Equity in service accessibility
A substantial number of these papers (n = 16) focused on studying equity of services (Bhana and Pillay, 1998; Koizumi et al., 2009; Perron et al., 2010; Guerrero et al., 2011; López-Lara et al., 2012; Guerrero et al., 2013; Amiri et al., 2018; Rajapakshe et al., 2019; Simmons, 2019; Upadhyay et al., 2019; Wani et al., 2019; Joudrey et al., 2020; Langabeer et al., 2020; Pustz et al., 2022; Katayama et al., 2023; Charlesworth et al., 2024). Twelve focused on the rural–urban divide of mental healthcare services, using spatial analysis to visually map areas with limited access to MH services with help of rural and urban census tracts (Bhana and Pillay, 1998; Koizumi et al., 2009; Perron et al., 2010; López-Lara et al., 2012; Amiri et al., 2018; Upadhyay et al., 2019; Wani et al., 2019; Joudrey et al., 2020; Langabeer et al., 2020; Pustz et al., 2022; Katayama et al., 2023; Charlesworth et al., 2024) and generally concluding that rural areas were underserved compared to urban areas. In addition to the usual 30-minute or 60-minute drive times, some studies also used other methods of calculating access like enhanced two-step floating catchment area (E2SFCA) method access score (Charlesworth et al., 2024), 2SFCA technique with a distance decay function (Amiri et al., 2018), geospatial distance buffering (Langabeer et al., 2020) and network analysis (Roberts et al., 2020). After visually mapping accessibility, two studies used spatial regression techniques to explore associations with socio-demographic factors that further determined healthcare access (Perron et al., 2010; Amiri et al., 2018). The other four studies studied equity of services by focusing on access for vulnerable populations (elderly, ethnic minorities, socio-economically weak groups) (Guerrero et al., 2011; Guerrero et al., 2013; Rajapakshe et al., 2019; Simmons, 2019). One study used network analysis methods to map dementia care service points geographically with relation to elderly population density (Rajapakshe et al., 2019). Simmons (2019) conducted an optimized hotspot analysis to determine which regions were the most underserved in terms of serious mental illness burden and correlated it to neighborhood poverty (Simmons, 2019). Two studies assessed the distance between Latino-populated census tracts and general MH treatment facilities (Guerrero et al., 2011; Guerrero et al., 2013).

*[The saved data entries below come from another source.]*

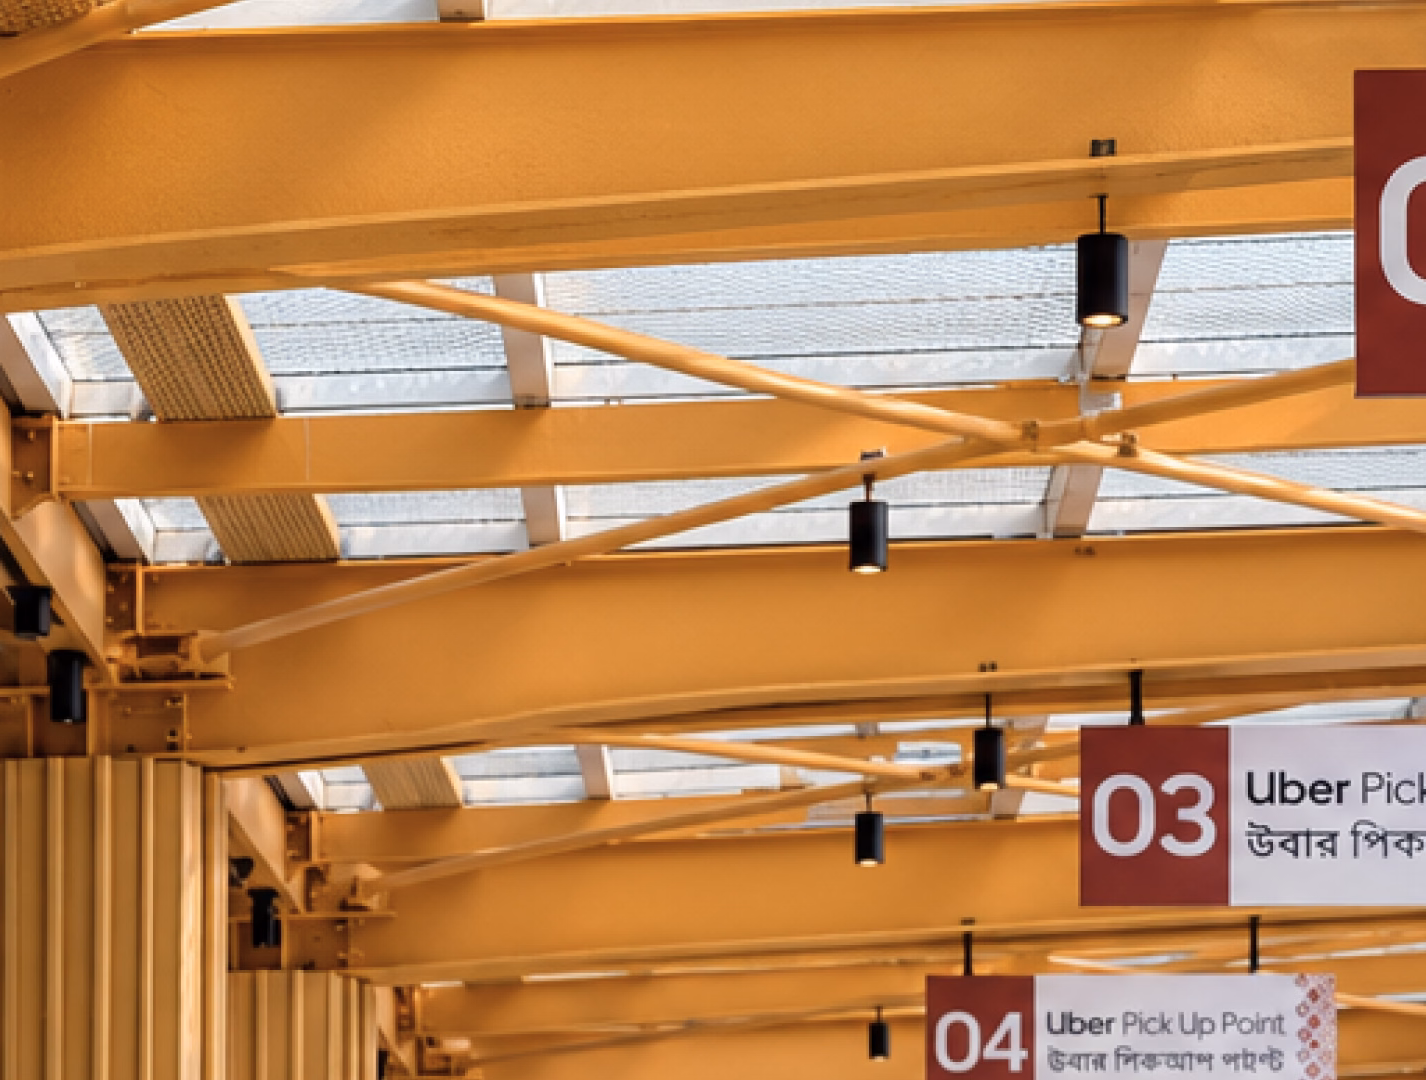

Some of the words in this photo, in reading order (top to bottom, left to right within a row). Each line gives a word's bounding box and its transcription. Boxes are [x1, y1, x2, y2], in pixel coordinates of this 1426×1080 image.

[1248, 770, 1351, 806] Uber
[1092, 773, 1217, 856] 03
[1245, 822, 1340, 859] উবার
[936, 1012, 1028, 1073] 04
[1047, 1012, 1115, 1034] Uber
[1123, 1012, 1172, 1034] Pick
[1179, 1012, 1215, 1039] Up
[1223, 1012, 1284, 1034] Point

Opioid dependence and accessibility of treatment
A number of papers (n = 12) used different methods to explore the same objective: identifying high-risk zones for opioid dependence in the United States and exploring accessibility of emergency services and inpatient and outpatient treatment for the same. Eight studies mapped overdose incidents and compared them to the location of treatment services (ambulance services and methadone/naloxone facilities), highlighting areas of deprivation and concluding that having a treatment facility within 15- and 30-minute drive time from hotspots of overdose deaths was associated with lower risks of overdoses (Kao et al., 2014; Klimas et al., 2014; Burrell et al., 2017; Taylor et al., 2017; Dworkis et al., 2018; Amram et al., 2019; Iloglu et al., 2021; Anwar et al., 2022). One study tried to obtain an overall risk score by summing distance scores and overdose scores for each town in a state to create a map which approximated the need for additional emergency resources by town (Schneider et al., 2020). After identifying high-risk areas, they further examined how the inaccessibility of resources affects outcomes in patients with OUDs. One study mapped opioid dependence priority areas and areas with low numbers of DEA-waivered practitioners to identify unmet treatment need priority areas and low MAT capacity priority areas (Topmiller et al., 2018). Kleinman (2020) used population-weighted mean travel time from census tracts to nearest opioid treatment programs and pharmacies, comparing two models of methadone dispensing and demonstrating that pharmacies were more accessible for this purpose than opioid treatment programs (Kleinman, 2020). Abell-Hart et al. (2022) identified several hotspots where patients lived far from naloxone/buprenorphine providers (Abell-Hart et al., 2022).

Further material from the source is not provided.